What this task involves: Restate the entries below exactly. Images are not part of the copy.

Listed entries:
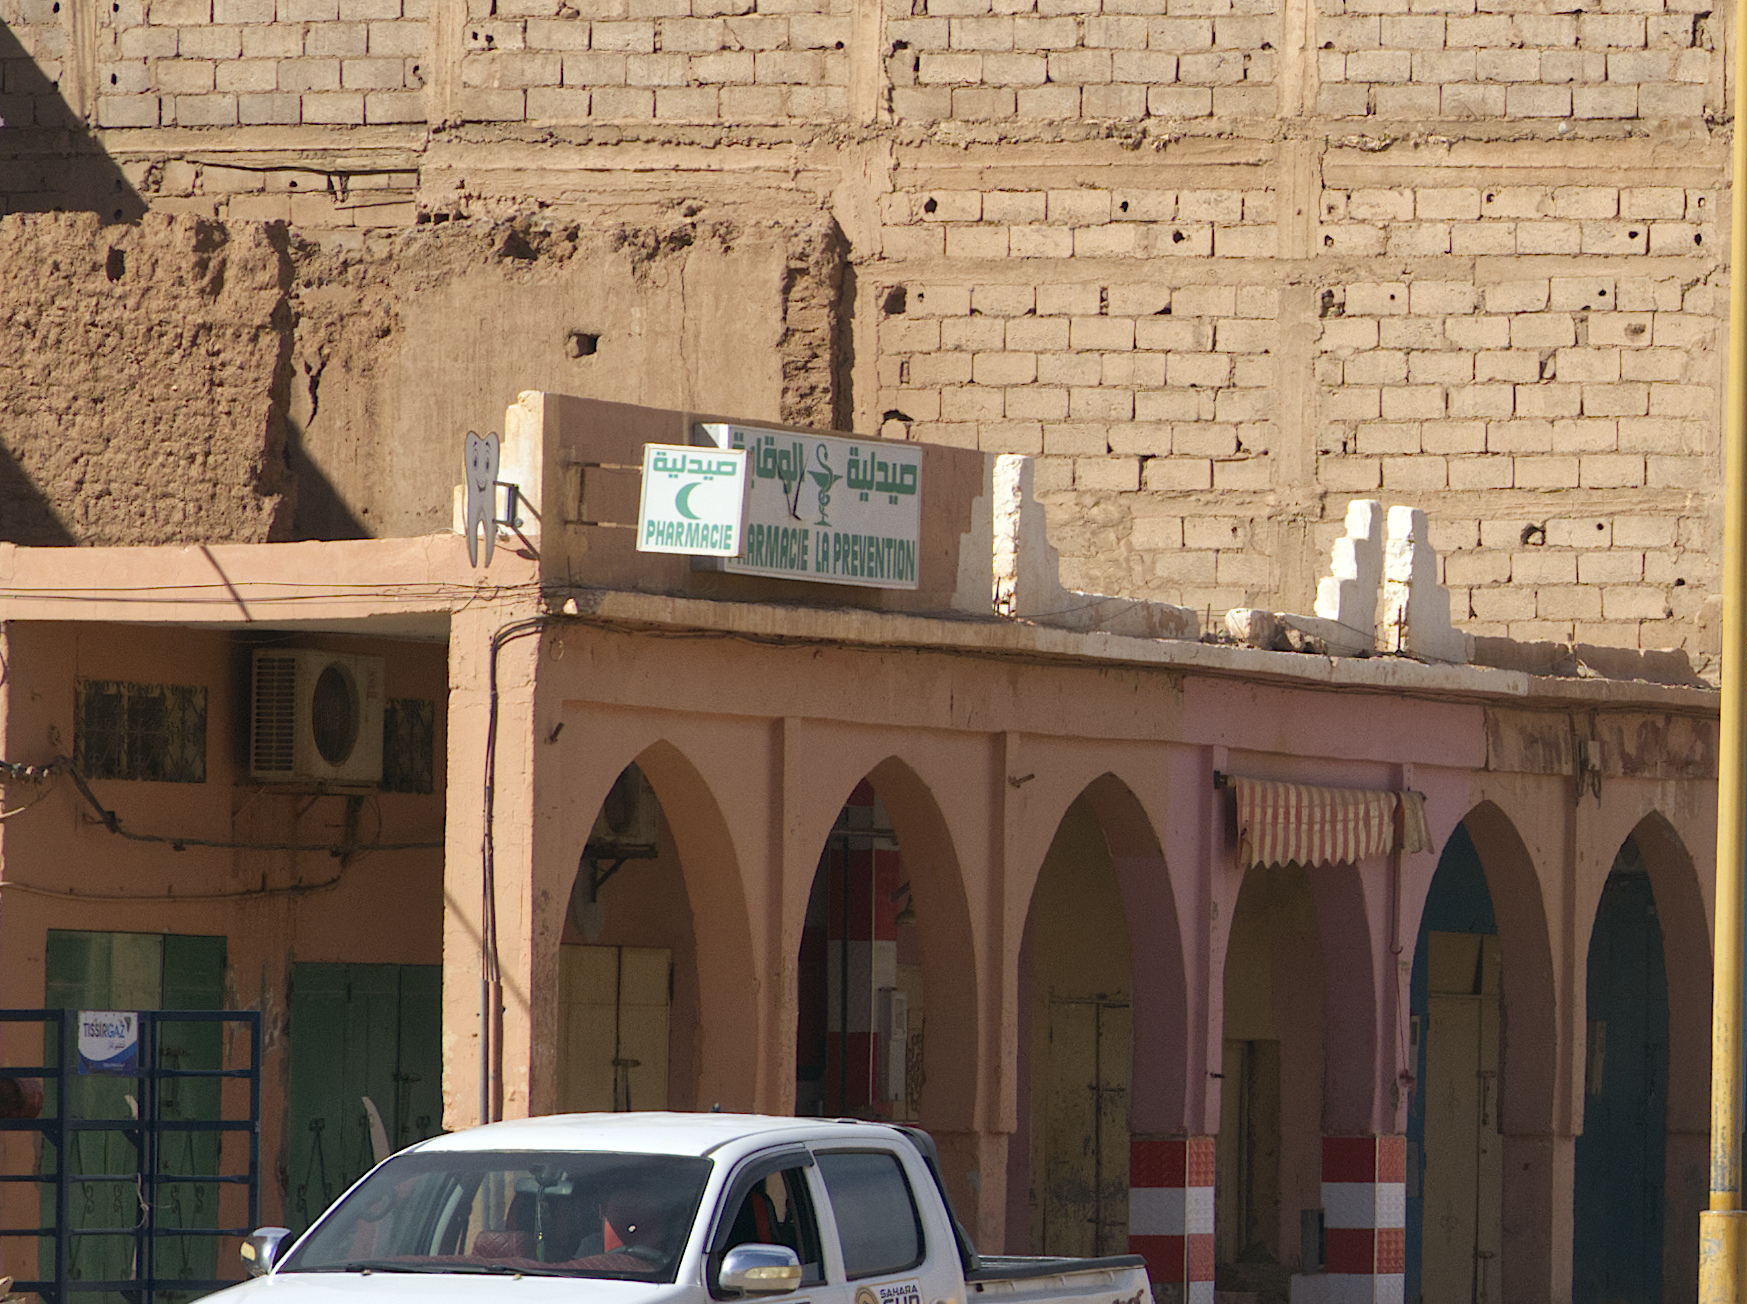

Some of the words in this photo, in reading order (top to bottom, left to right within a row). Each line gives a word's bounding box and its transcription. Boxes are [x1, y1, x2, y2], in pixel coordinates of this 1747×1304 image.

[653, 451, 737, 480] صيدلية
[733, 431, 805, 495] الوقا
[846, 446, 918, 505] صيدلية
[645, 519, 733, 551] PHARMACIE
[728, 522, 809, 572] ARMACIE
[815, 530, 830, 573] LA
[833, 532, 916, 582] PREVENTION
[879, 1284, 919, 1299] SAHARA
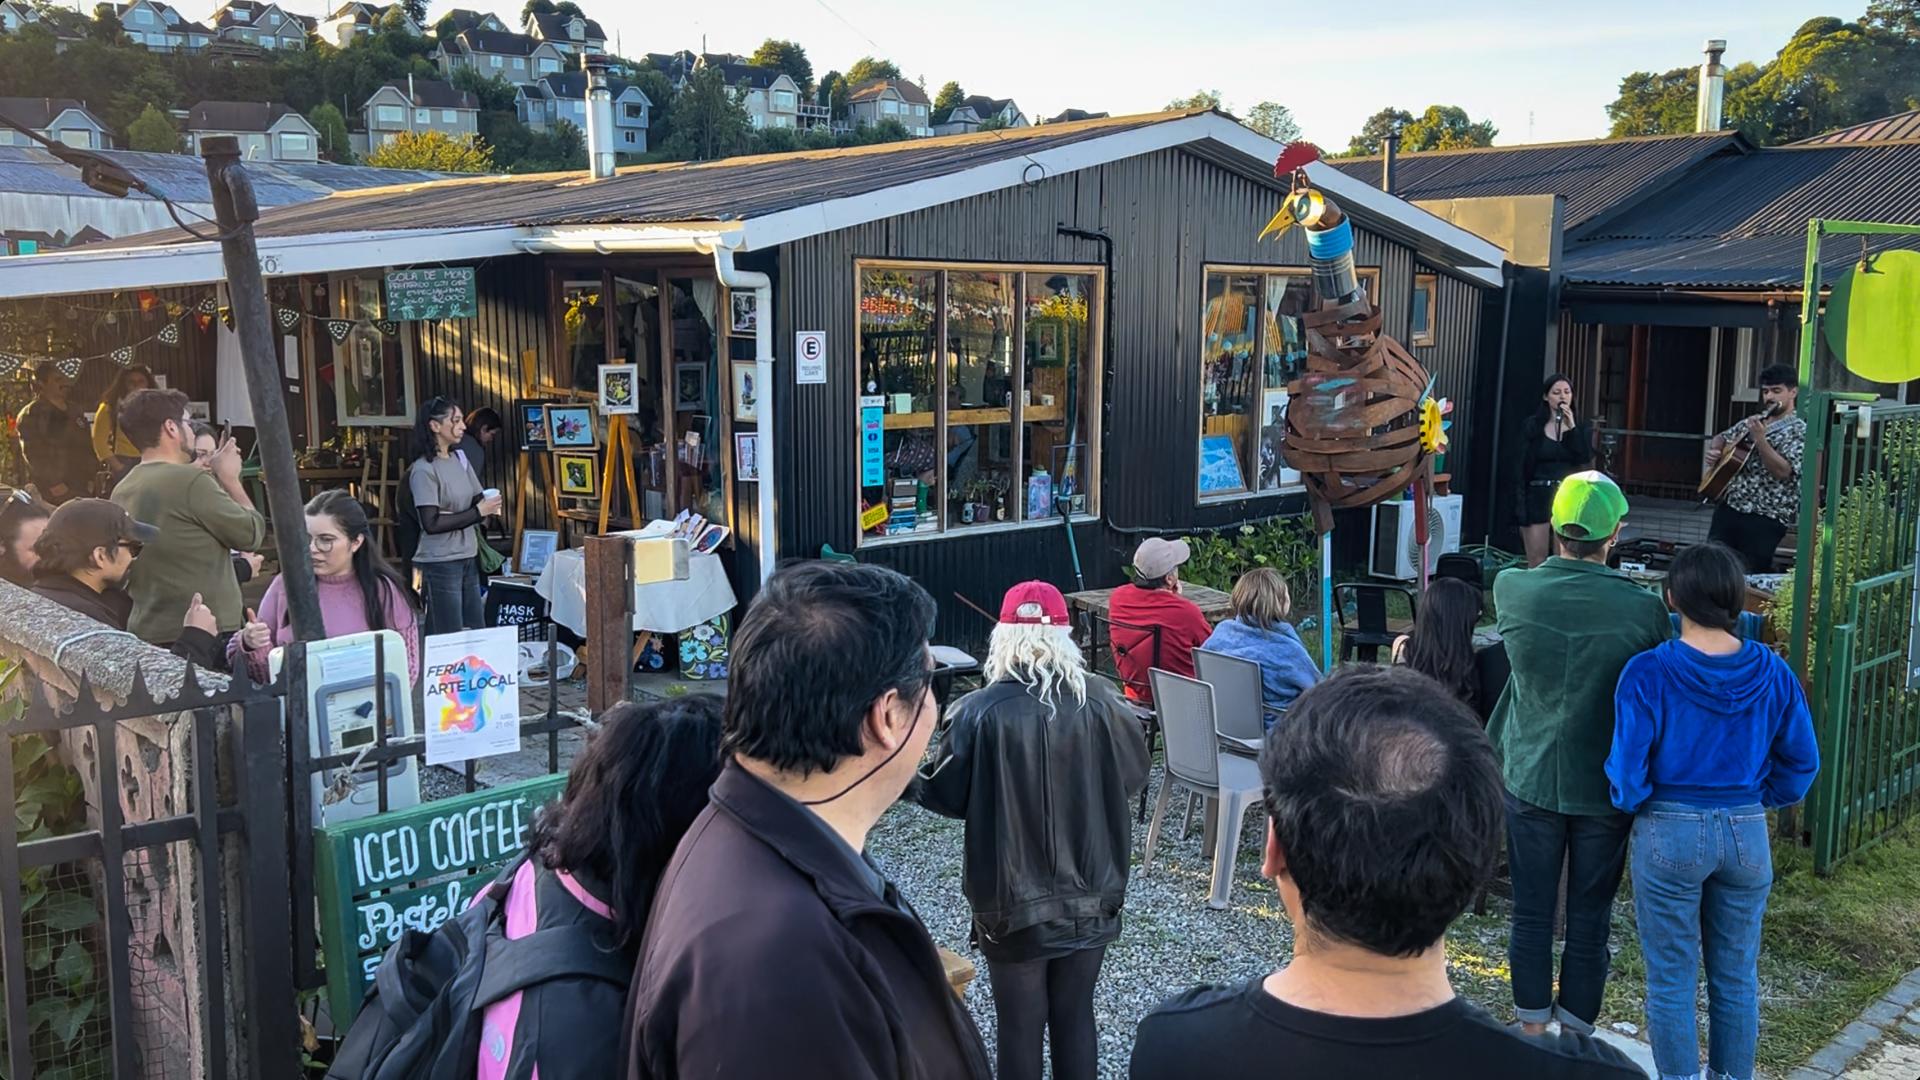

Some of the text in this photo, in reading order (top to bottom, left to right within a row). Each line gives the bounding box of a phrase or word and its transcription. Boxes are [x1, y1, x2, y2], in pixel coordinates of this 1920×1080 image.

Solution:
Some of the words in this photo, in reading order (top to bottom, left to right within a row). Each line gives a word's bounding box and its transcription. Boxes are [x1, y1, x2, y2], in pixel coordinates of this 1747×1304 image.

[653, 451, 737, 480] صيدلية
[733, 431, 805, 495] الوقا
[846, 446, 918, 505] صيدلية
[645, 519, 733, 551] PHARMACIE
[728, 522, 809, 572] ARMACIE
[815, 530, 830, 573] LA
[833, 532, 916, 582] PREVENTION
[879, 1284, 919, 1299] SAHARA

Some of the text in this photo, in reading order (top to bottom, left to right within a row). Each line gives the bounding box of a phrase or word and its transcription. Boxes are [x1, y1, x2, y2], in pixel coordinates of this 1920×1080 image.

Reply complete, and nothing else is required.